What you have to do: Each line of the records below needs repeating exactly. Skip the pictures.

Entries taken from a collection
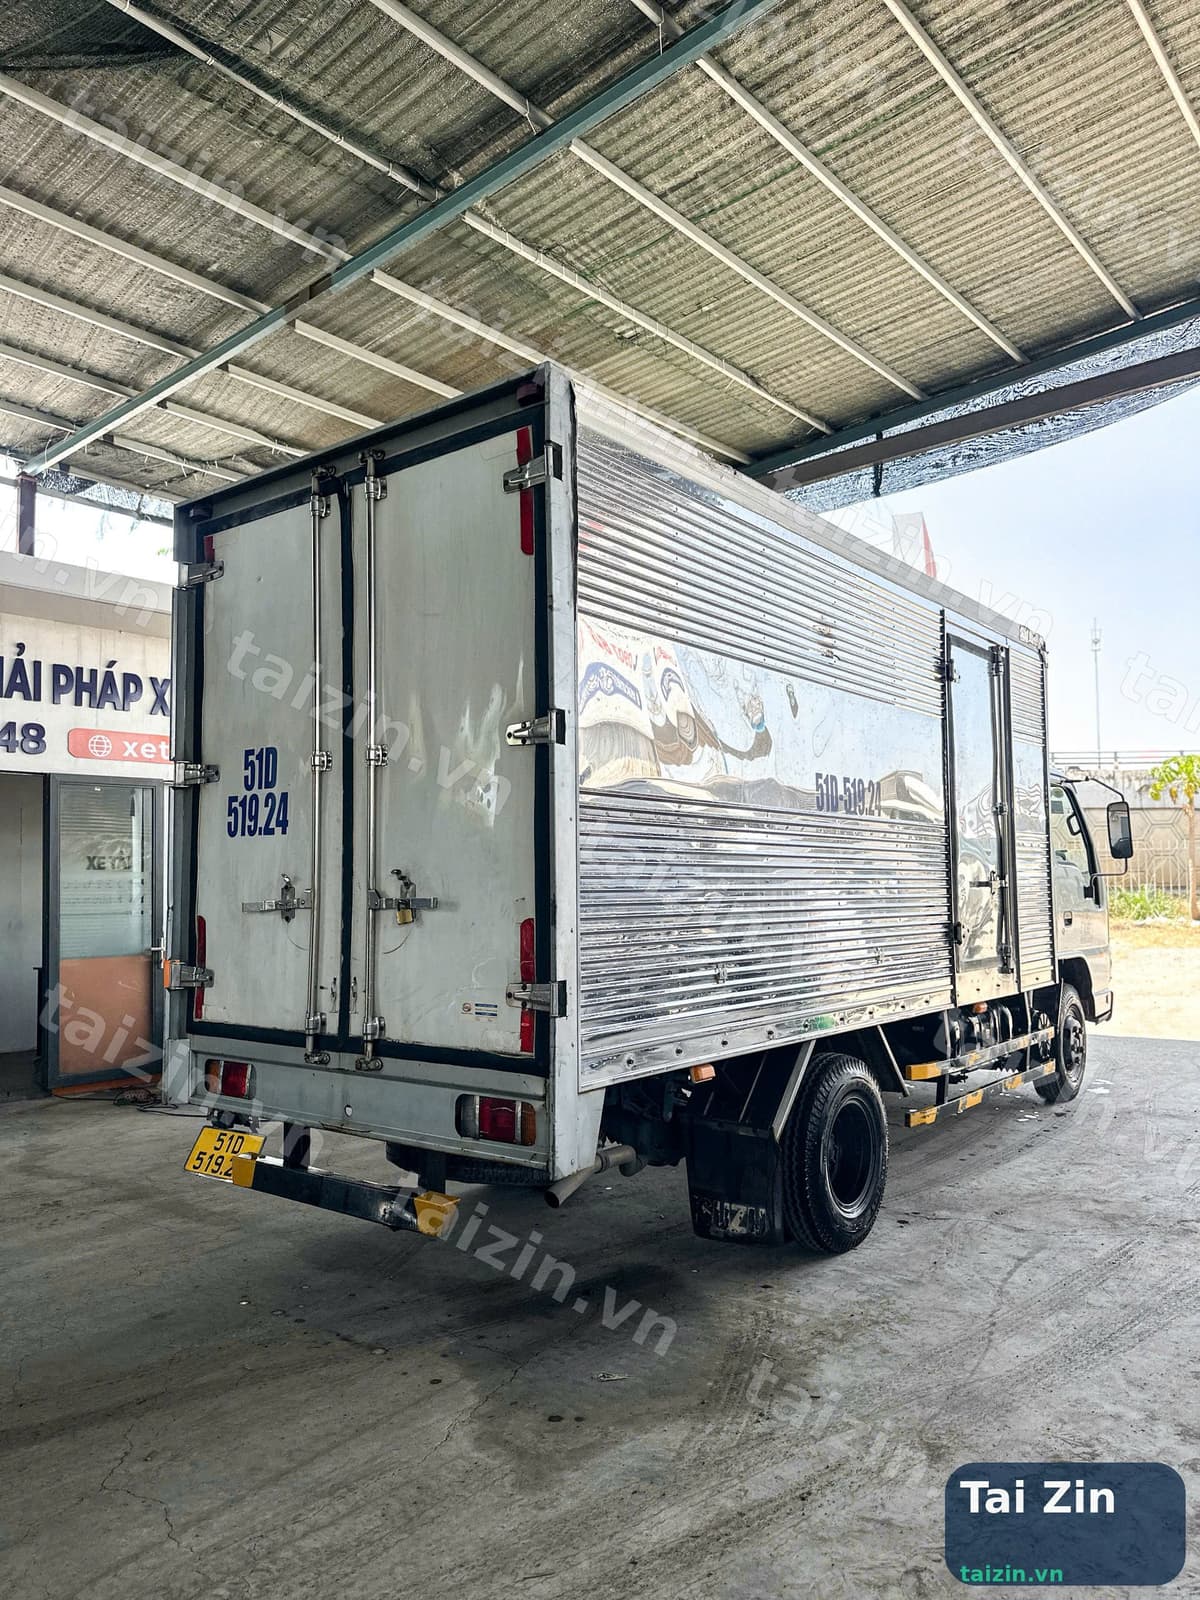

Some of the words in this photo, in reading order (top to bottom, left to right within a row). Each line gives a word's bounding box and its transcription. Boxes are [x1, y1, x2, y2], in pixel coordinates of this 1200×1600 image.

[52, 660, 144, 711] PHÁP
[244, 747, 278, 791] 51D
[227, 792, 289, 838] 519.24
[815, 772, 881, 817] 51D-519.24
[214, 1133, 245, 1154] 51D
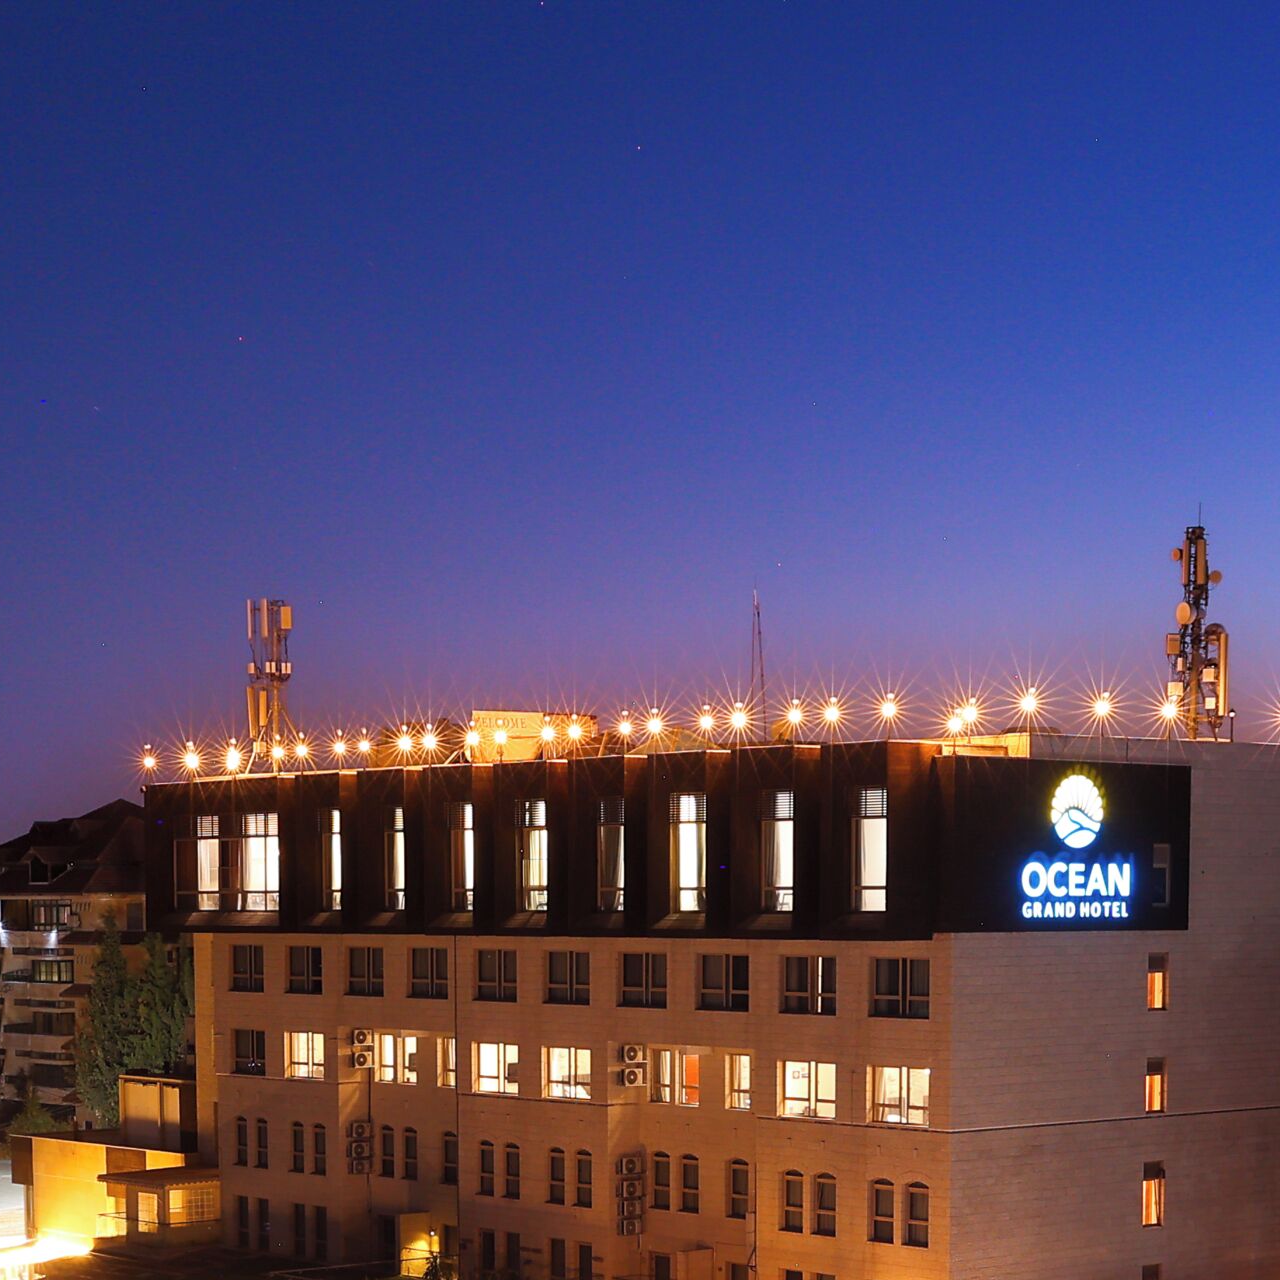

Answer box:
Some of the words in this photo, in reading order (top to bottom, left to right within a row). Each line gives a word's bounding box and its transcription. Boxes are [x1, y1, x2, y2], in pixel coordinates of this 1200×1600 image.

[52, 660, 144, 711] PHÁP
[244, 747, 278, 791] 51D
[227, 792, 289, 838] 519.24
[815, 772, 881, 817] 51D-519.24
[214, 1133, 245, 1154] 51D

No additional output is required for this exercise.